▶ [Your assignment] All the lines below should appear again unchanged, though their pictures should not.

▶ [Data supplied]
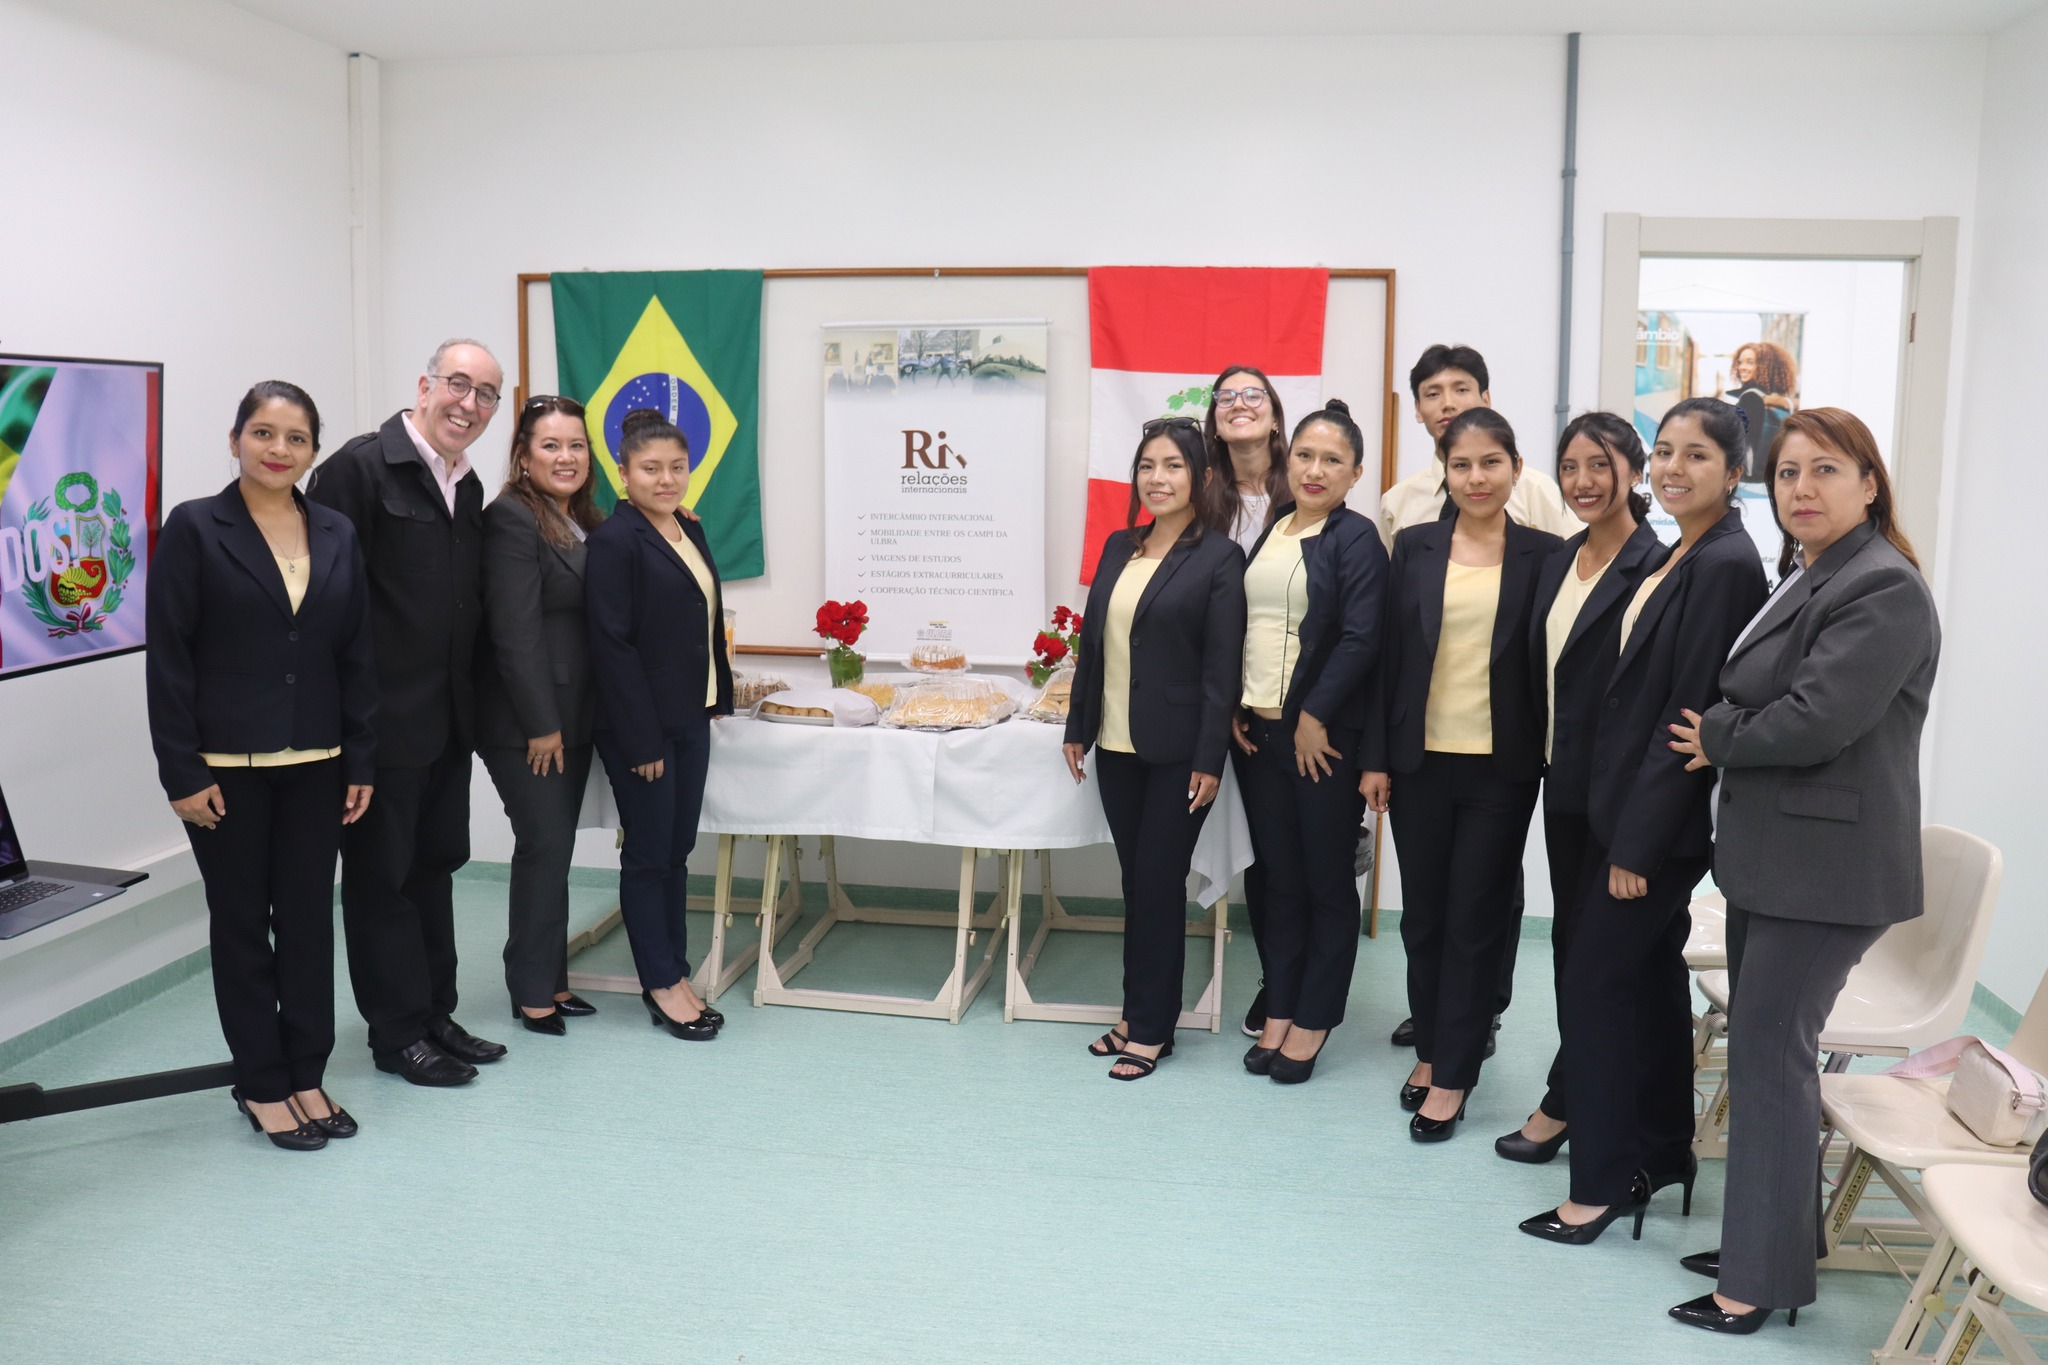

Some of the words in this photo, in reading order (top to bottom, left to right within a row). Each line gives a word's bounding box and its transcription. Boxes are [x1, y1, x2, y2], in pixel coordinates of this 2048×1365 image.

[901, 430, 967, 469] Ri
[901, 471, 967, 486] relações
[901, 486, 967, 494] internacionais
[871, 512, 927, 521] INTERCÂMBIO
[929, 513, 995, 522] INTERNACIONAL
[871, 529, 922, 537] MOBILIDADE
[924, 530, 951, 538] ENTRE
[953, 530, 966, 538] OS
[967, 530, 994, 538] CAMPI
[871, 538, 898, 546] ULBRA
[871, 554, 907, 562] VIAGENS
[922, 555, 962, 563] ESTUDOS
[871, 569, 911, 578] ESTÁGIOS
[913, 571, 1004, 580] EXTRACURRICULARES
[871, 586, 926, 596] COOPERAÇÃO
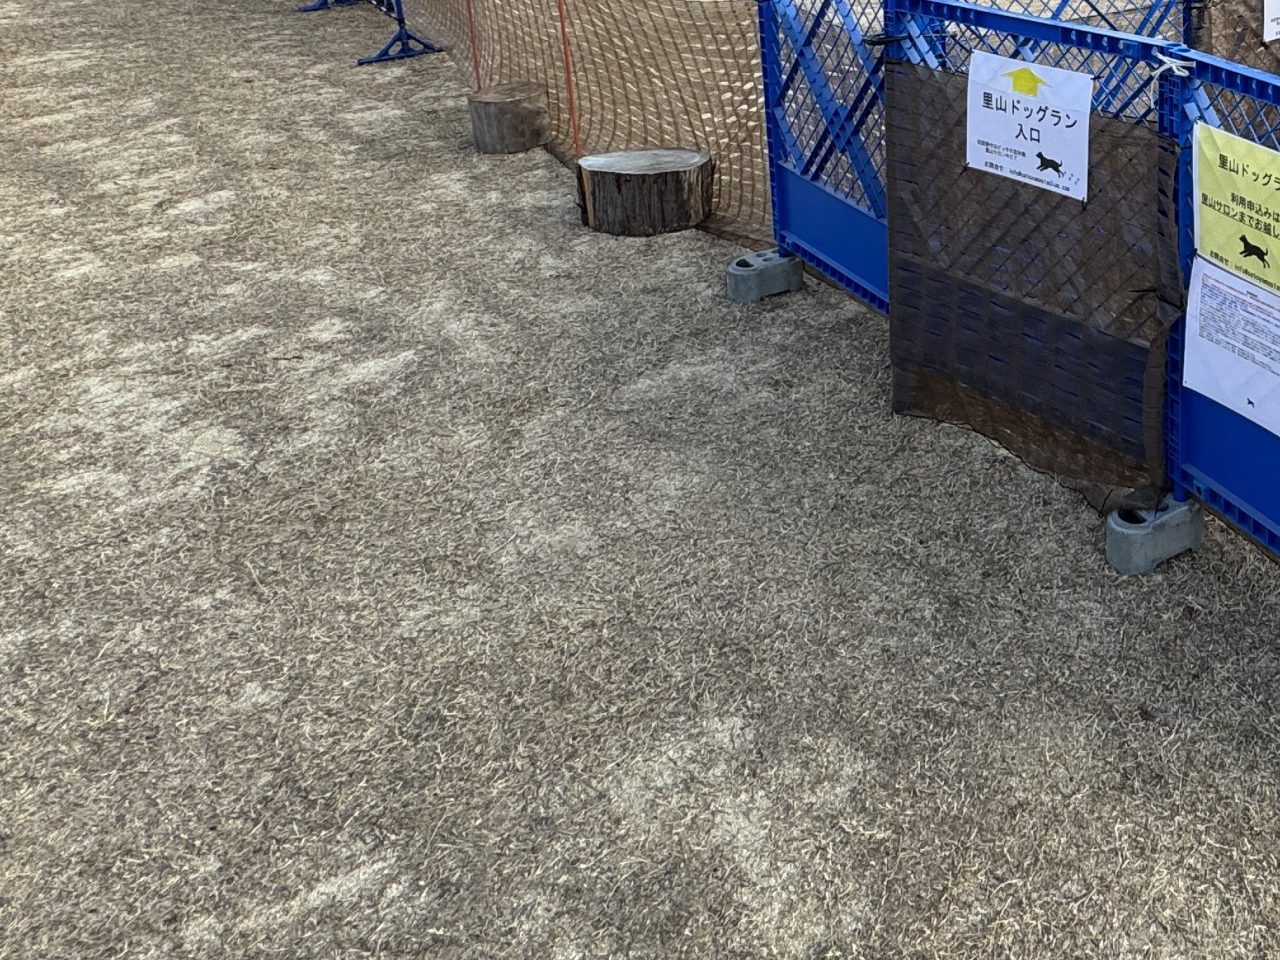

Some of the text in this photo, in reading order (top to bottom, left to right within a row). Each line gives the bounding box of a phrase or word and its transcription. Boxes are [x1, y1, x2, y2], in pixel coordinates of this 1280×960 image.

▶ [Completed task]
Some of the words in this photo, in reading order (top to bottom, left to right within a row). Each line gives a word's bounding box and its transcription. Boxes are [x1, y1, x2, y2], in pixel coordinates of this 2048×1365 image.

[901, 430, 967, 469] Ri
[901, 471, 967, 486] relações
[901, 486, 967, 494] internacionais
[871, 512, 927, 521] INTERCÂMBIO
[929, 513, 995, 522] INTERNACIONAL
[871, 529, 922, 537] MOBILIDADE
[924, 530, 951, 538] ENTRE
[953, 530, 966, 538] OS
[967, 530, 994, 538] CAMPI
[871, 538, 898, 546] ULBRA
[871, 554, 907, 562] VIAGENS
[922, 555, 962, 563] ESTUDOS
[871, 569, 911, 578] ESTÁGIOS
[913, 571, 1004, 580] EXTRACURRICULARES
[871, 586, 926, 596] COOPERAÇÃO

Some of the text in this photo, in reading order (top to bottom, left to right within a row). Each line gives the bounding box of a phrase or word and its transcription. Boxes are [x1, y1, x2, y2], in pixel coordinates of this 1280×960 image.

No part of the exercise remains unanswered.